4.根据权利要求1所述的攻击检测方法，其特征在于，根据所述恶意行为得到实际攻击序列包括：

在预设时间范围内监听所述恶意行为的进程变化，得到所述恶意行为的关联行为；

记录所述恶意行为和其对应的所有关联行为，得到所述恶意行为的实际攻击序列。

5.根据权利要求1所述的攻击检测方法，其特征在于，根据所述攻击序列类及所述实际攻击序列得到检测结果之前，还包括：

根据攻击阶段配置攻击序列类，并根据历史攻击序列为所述攻击序列类添加相应的攻击方式，得到所述预设攻击序列集。

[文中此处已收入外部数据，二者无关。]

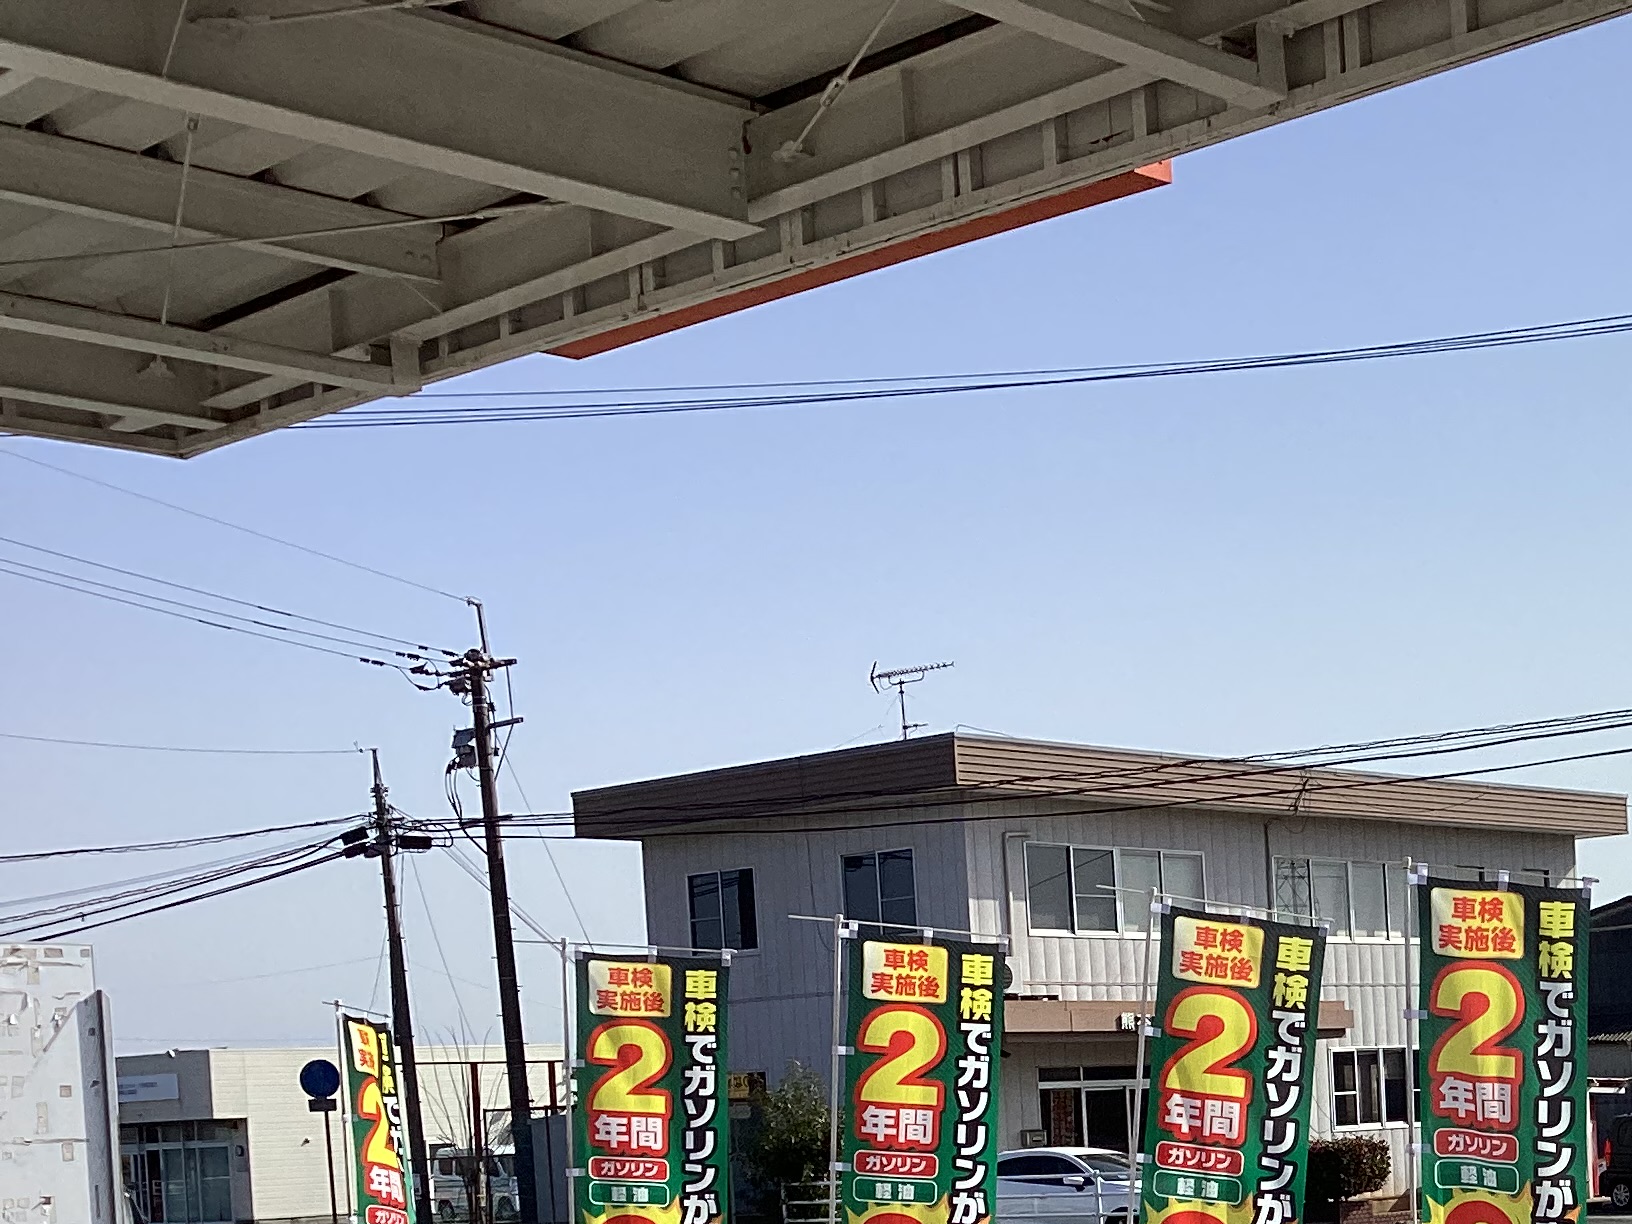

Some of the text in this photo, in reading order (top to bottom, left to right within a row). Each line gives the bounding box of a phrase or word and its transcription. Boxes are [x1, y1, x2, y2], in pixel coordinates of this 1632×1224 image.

6.根据权利要求1所述的攻击检测方法，其特征在于，根据所述攻击序列类及所述实际攻击序列得到检测结果包括：

若所述实际攻击序列与预设攻击序列集中任一历史攻击序列相同，或所述实际攻击序列中的恶意行为均属于所述预设攻击序列集中的攻击序列类，确定攻击检测的检测结果为受到定向威胁攻击。

7.根据权利要求1-6任一项所述的攻击检测方法，其特征在于，根据所述攻击序列类及所述实际攻击序列得到检测结果之后，还包括：

根据所述检测结果生成对应的告警信息，所述告警信息用于指导处置所述恶意行为和所述实际攻击序列。